Work instructions: When you reach the records below, output every one exactly as written but leave out any pictures.

Referring expression grounding data:
────────────────────
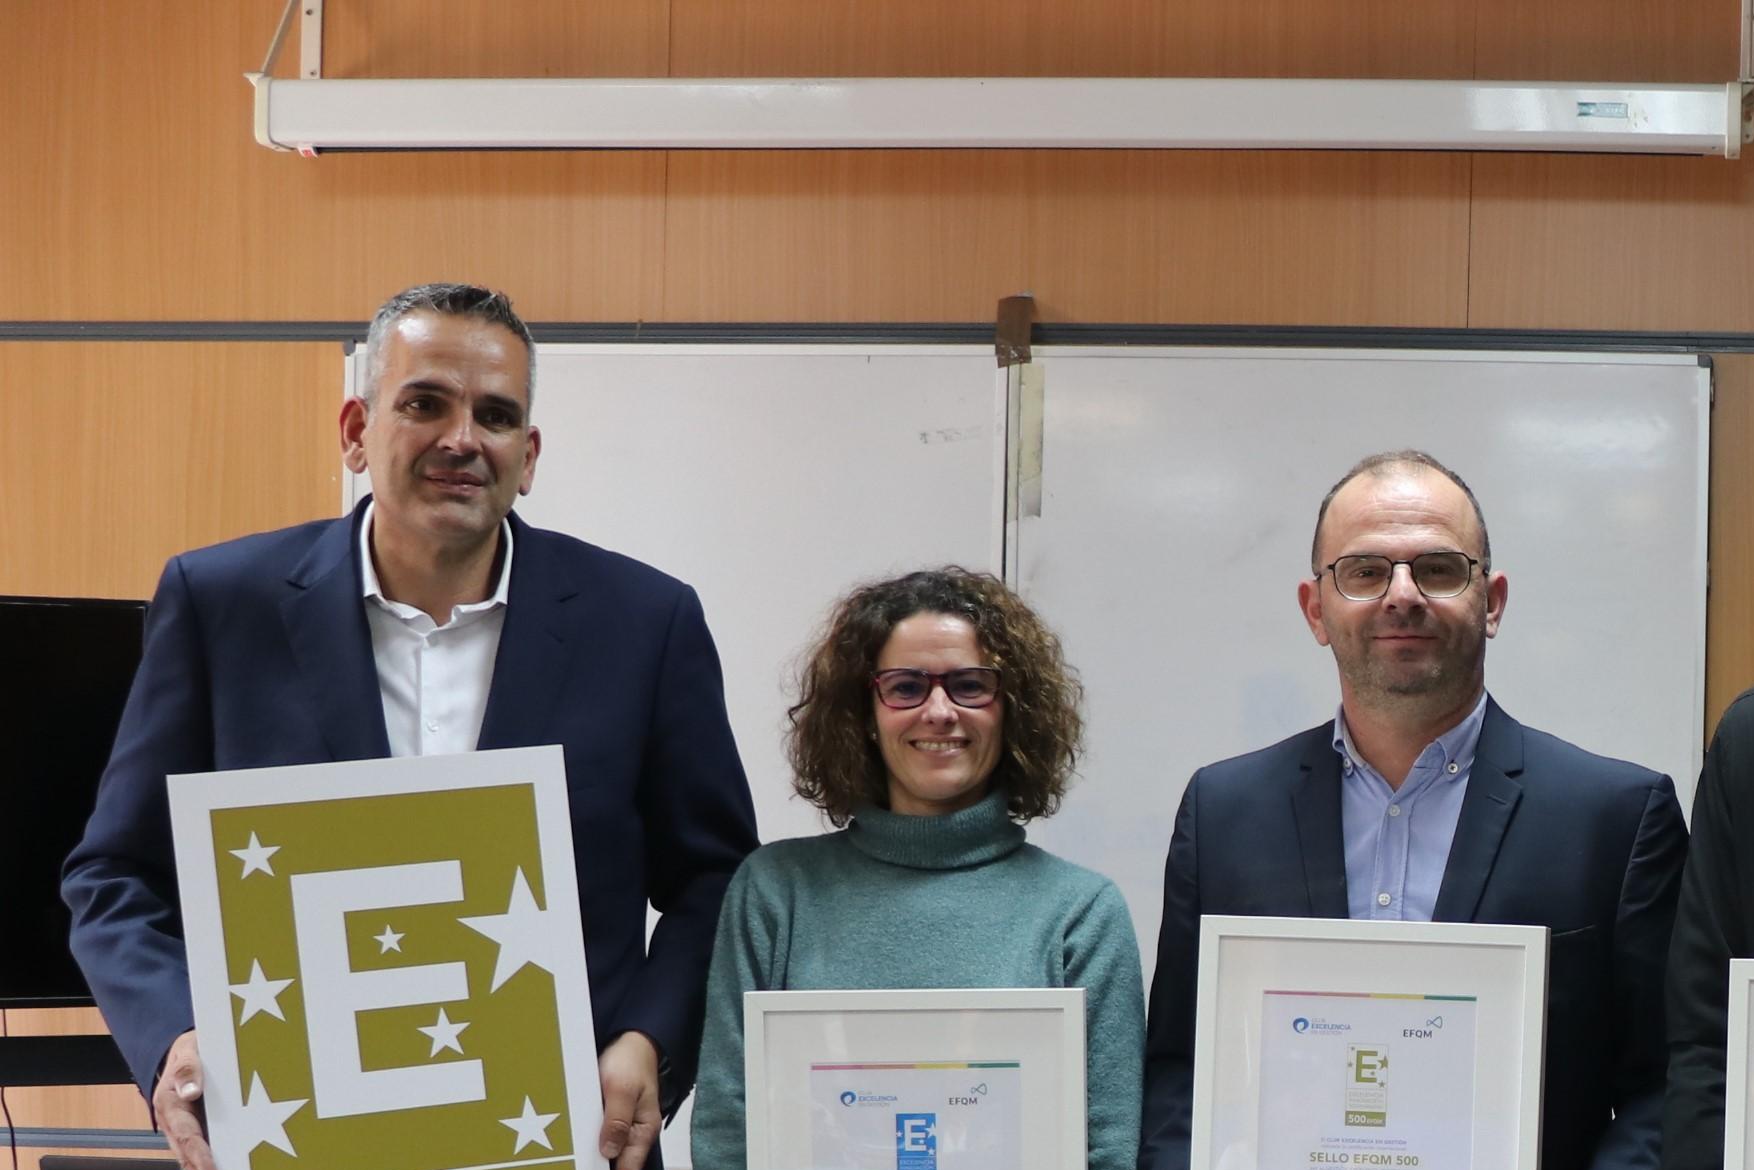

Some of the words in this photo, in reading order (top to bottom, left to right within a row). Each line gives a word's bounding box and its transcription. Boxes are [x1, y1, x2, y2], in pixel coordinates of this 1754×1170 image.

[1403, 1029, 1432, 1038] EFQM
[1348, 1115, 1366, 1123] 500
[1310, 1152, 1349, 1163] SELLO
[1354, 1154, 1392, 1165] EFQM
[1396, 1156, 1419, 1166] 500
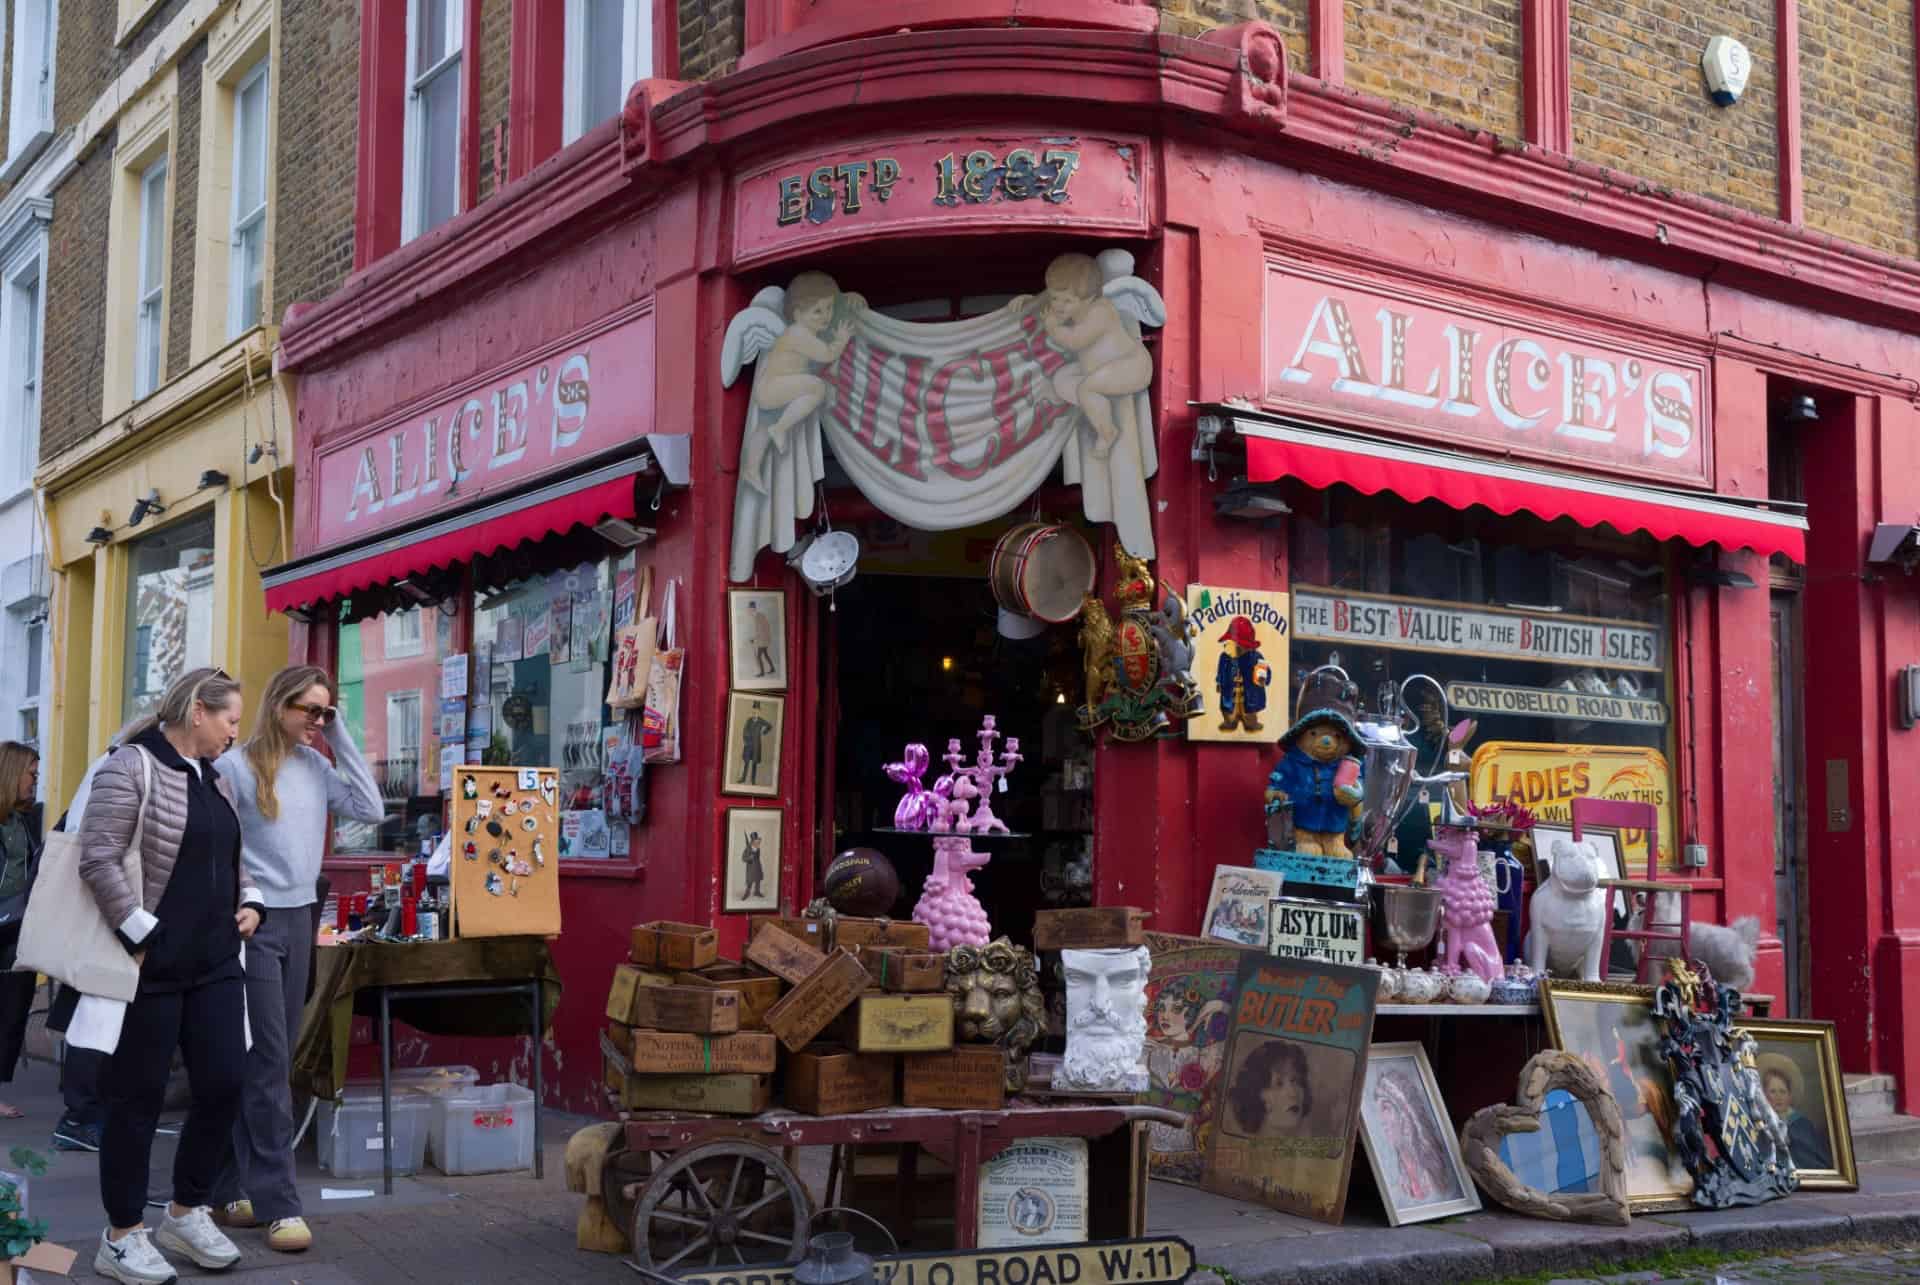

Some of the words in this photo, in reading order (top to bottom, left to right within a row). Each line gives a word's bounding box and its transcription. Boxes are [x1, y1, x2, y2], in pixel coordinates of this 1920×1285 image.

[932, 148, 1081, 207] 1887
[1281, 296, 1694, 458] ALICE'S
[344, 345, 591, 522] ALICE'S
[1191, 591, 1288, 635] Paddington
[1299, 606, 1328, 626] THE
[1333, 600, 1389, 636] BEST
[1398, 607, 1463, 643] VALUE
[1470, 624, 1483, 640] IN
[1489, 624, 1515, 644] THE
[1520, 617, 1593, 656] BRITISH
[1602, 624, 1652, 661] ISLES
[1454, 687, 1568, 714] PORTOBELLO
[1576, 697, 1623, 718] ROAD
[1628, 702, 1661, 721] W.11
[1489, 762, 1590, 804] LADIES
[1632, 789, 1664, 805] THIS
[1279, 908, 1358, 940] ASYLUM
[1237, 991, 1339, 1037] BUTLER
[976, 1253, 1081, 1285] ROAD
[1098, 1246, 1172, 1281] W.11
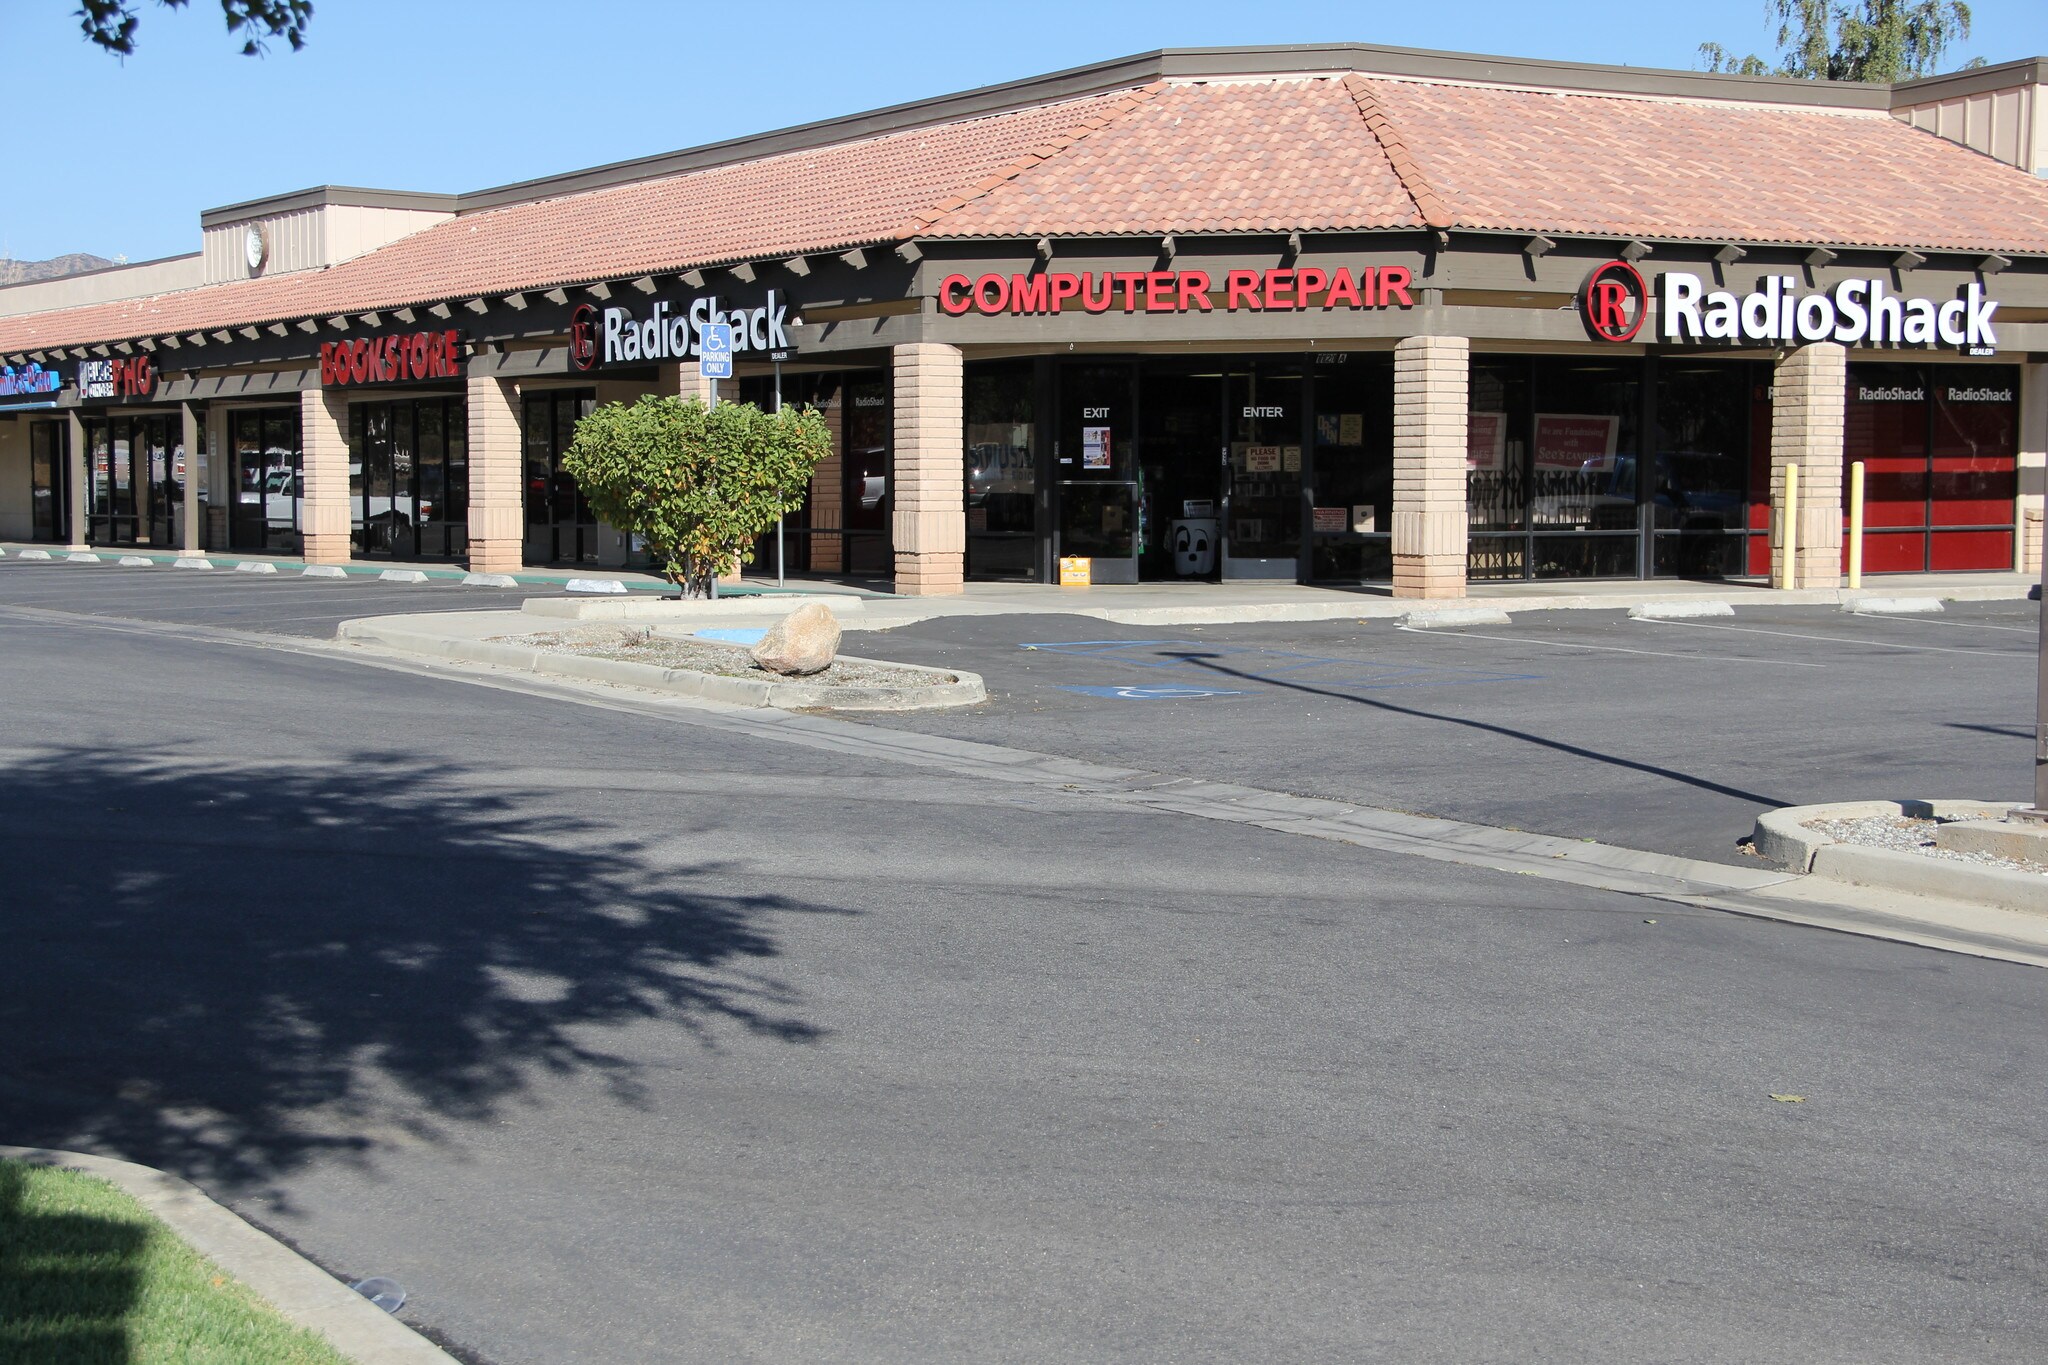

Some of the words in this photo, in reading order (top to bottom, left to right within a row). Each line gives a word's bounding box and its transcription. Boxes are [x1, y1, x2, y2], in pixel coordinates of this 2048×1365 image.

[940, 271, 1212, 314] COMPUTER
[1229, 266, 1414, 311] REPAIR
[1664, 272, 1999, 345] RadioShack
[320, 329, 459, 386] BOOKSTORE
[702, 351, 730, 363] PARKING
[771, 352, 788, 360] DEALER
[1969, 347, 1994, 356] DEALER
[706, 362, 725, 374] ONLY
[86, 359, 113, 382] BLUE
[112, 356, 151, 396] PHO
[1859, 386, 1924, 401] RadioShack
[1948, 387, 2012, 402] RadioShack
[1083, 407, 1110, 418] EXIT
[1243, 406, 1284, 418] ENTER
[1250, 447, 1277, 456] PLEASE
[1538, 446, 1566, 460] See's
────────────────────
Task response:
Some of the words in this photo, in reading order (top to bottom, left to right within a row). Each line gives a word's bounding box and its transcription. Boxes are [x1, y1, x2, y2], in pixel coordinates of this 1754×1170 image.

[1403, 1029, 1432, 1038] EFQM
[1348, 1115, 1366, 1123] 500
[1310, 1152, 1349, 1163] SELLO
[1354, 1154, 1392, 1165] EFQM
[1396, 1156, 1419, 1166] 500

Some of the words in this photo, in reading order (top to bottom, left to right within a row). Each line gives a word's bounding box and its transcription. Boxes are [x1, y1, x2, y2], in pixel coordinates of this 1920×1285 image.

[932, 148, 1081, 207] 1887
[1281, 296, 1694, 458] ALICE'S
[344, 345, 591, 522] ALICE'S
[1191, 591, 1288, 635] Paddington
[1299, 606, 1328, 626] THE
[1333, 600, 1389, 636] BEST
[1398, 607, 1463, 643] VALUE
[1470, 624, 1483, 640] IN
[1489, 624, 1515, 644] THE
[1520, 617, 1593, 656] BRITISH
[1602, 624, 1652, 661] ISLES
[1454, 687, 1568, 714] PORTOBELLO
[1576, 697, 1623, 718] ROAD
[1628, 702, 1661, 721] W.11
[1489, 762, 1590, 804] LADIES
[1632, 789, 1664, 805] THIS
[1279, 908, 1358, 940] ASYLUM
[1237, 991, 1339, 1037] BUTLER
[976, 1253, 1081, 1285] ROAD
[1098, 1246, 1172, 1281] W.11

Some of the words in this photo, in reading order (top to bottom, left to right within a row). Each line gives a word's bounding box and its transcription. Boxes are [x1, y1, x2, y2], in pixel coordinates of this 2048×1365 image.

[940, 271, 1212, 314] COMPUTER
[1229, 266, 1414, 311] REPAIR
[1664, 272, 1999, 345] RadioShack
[320, 329, 459, 386] BOOKSTORE
[702, 351, 730, 363] PARKING
[771, 352, 788, 360] DEALER
[1969, 347, 1994, 356] DEALER
[706, 362, 725, 374] ONLY
[86, 359, 113, 382] BLUE
[112, 356, 151, 396] PHO
[1859, 386, 1924, 401] RadioShack
[1948, 387, 2012, 402] RadioShack
[1083, 407, 1110, 418] EXIT
[1243, 406, 1284, 418] ENTER
[1250, 447, 1277, 456] PLEASE
[1538, 446, 1566, 460] See's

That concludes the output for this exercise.